Write out each line below precisely, passing over the pictures.

Content starts

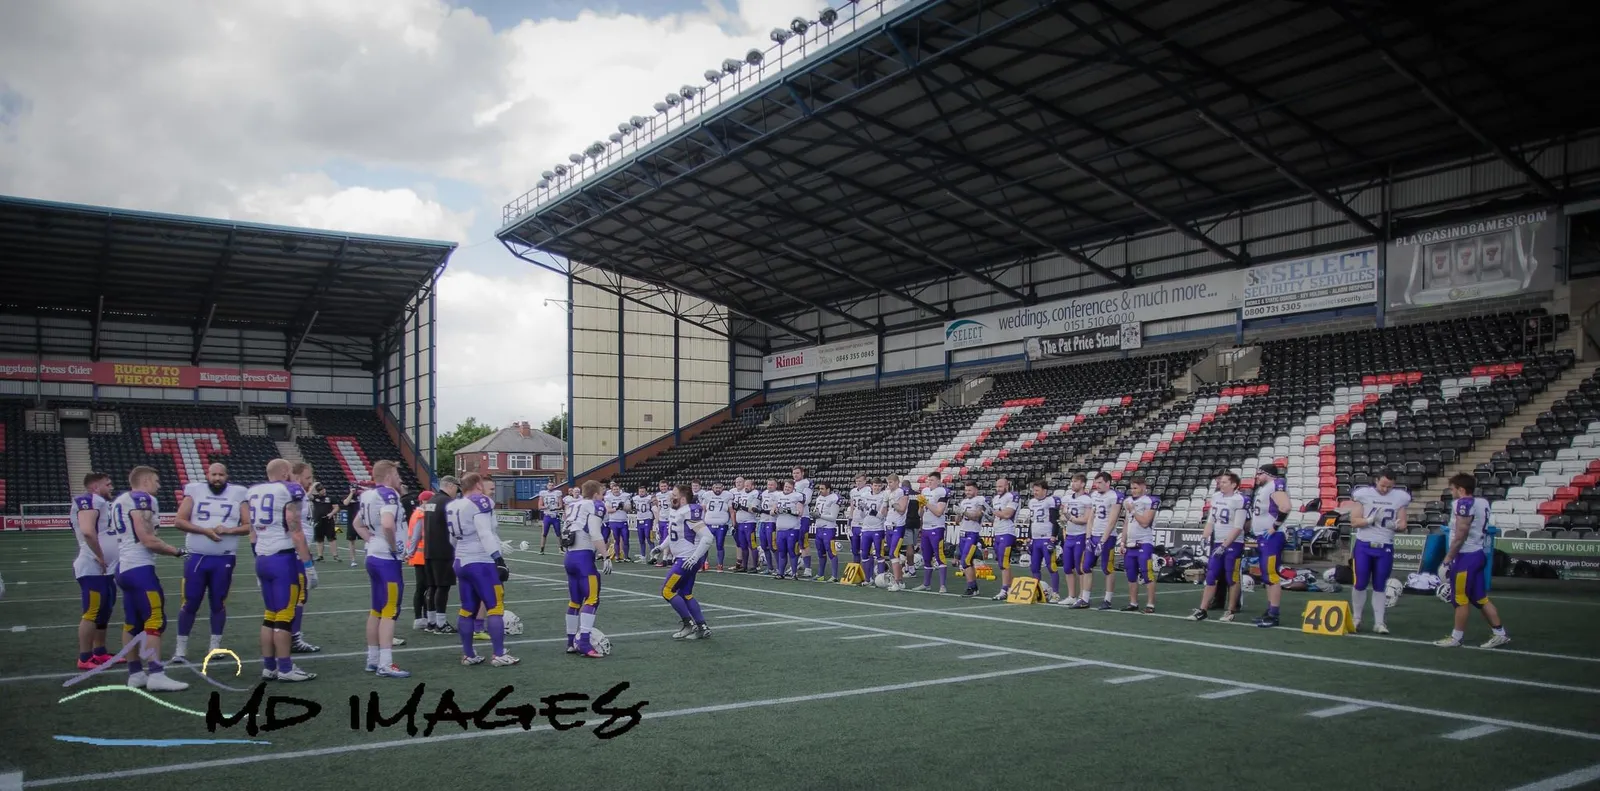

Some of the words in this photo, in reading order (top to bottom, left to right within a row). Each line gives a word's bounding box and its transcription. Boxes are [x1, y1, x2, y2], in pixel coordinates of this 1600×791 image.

[1395, 211, 1548, 248] PLAYCASINOGAMES.COM
[1271, 249, 1376, 284] SELECT
[1244, 280, 1308, 299] SECURITY
[1310, 268, 1376, 290] SERVICES
[998, 309, 1050, 330] weddings,
[1052, 298, 1118, 323] conferences
[1120, 291, 1131, 311] &
[1133, 285, 1168, 309] much
[1172, 283, 1218, 301] more...
[1244, 306, 1265, 317] 0800
[1266, 304, 1279, 314] 731
[1281, 302, 1302, 313] 5305
[1064, 319, 1085, 332] 0151
[1088, 316, 1105, 328] 510
[1107, 311, 1135, 325] 6000
[953, 326, 984, 342] SELECT
[1042, 339, 1057, 355] The
[1058, 337, 1072, 354] Pat
[1073, 335, 1095, 351] Price
[1096, 330, 1121, 347] Stand
[775, 352, 804, 369] Rinnai
[850, 351, 860, 361] 355
[40, 364, 66, 374] Press
[68, 365, 93, 375] Cider
[114, 364, 158, 375] RUGBY
[161, 366, 180, 377] TO
[200, 372, 241, 383] Kingstone
[243, 373, 265, 382] Press
[266, 374, 288, 383] Cider
[115, 375, 143, 385] THE
[144, 375, 180, 386] CORE
[197, 501, 233, 523] 57
[708, 500, 724, 512] 67
[1153, 530, 1175, 548] EL
[1511, 542, 1524, 551] WE
[1525, 542, 1547, 551] NEED
[1548, 543, 1565, 552] YOU
[1566, 543, 1575, 552] IN
[1576, 544, 1595, 553] OUR
[1562, 560, 1580, 568] Organ
[842, 565, 857, 583] 40
[1010, 580, 1035, 600] 45
[1304, 605, 1344, 633] 40

Content ends

**ANSWER TO THIS PROBLEM**
Some of the words in this photo, in reading order (top to bottom, left to right within a row). Each line gives a word's bounding box and its transcription. Boxes are [x1, y1, x2, y2], in pixel coordinates of this 1600×791 image.

[1395, 211, 1548, 248] PLAYCASINOGAMES.COM
[1271, 249, 1376, 284] SELECT
[1244, 280, 1308, 299] SECURITY
[1310, 268, 1376, 290] SERVICES
[998, 309, 1050, 330] weddings,
[1052, 298, 1118, 323] conferences
[1120, 291, 1131, 311] &
[1133, 285, 1168, 309] much
[1172, 283, 1218, 301] more...
[1244, 306, 1265, 317] 0800
[1266, 304, 1279, 314] 731
[1281, 302, 1302, 313] 5305
[1064, 319, 1085, 332] 0151
[1088, 316, 1105, 328] 510
[1107, 311, 1135, 325] 6000
[953, 326, 984, 342] SELECT
[1042, 339, 1057, 355] The
[1058, 337, 1072, 354] Pat
[1073, 335, 1095, 351] Price
[1096, 330, 1121, 347] Stand
[775, 352, 804, 369] Rinnai
[850, 351, 860, 361] 355
[40, 364, 66, 374] Press
[68, 365, 93, 375] Cider
[114, 364, 158, 375] RUGBY
[161, 366, 180, 377] TO
[200, 372, 241, 383] Kingstone
[243, 373, 265, 382] Press
[266, 374, 288, 383] Cider
[115, 375, 143, 385] THE
[144, 375, 180, 386] CORE
[197, 501, 233, 523] 57
[708, 500, 724, 512] 67
[1153, 530, 1175, 548] EL
[1511, 542, 1524, 551] WE
[1525, 542, 1547, 551] NEED
[1548, 543, 1565, 552] YOU
[1566, 543, 1575, 552] IN
[1576, 544, 1595, 553] OUR
[1562, 560, 1580, 568] Organ
[842, 565, 857, 583] 40
[1010, 580, 1035, 600] 45
[1304, 605, 1344, 633] 40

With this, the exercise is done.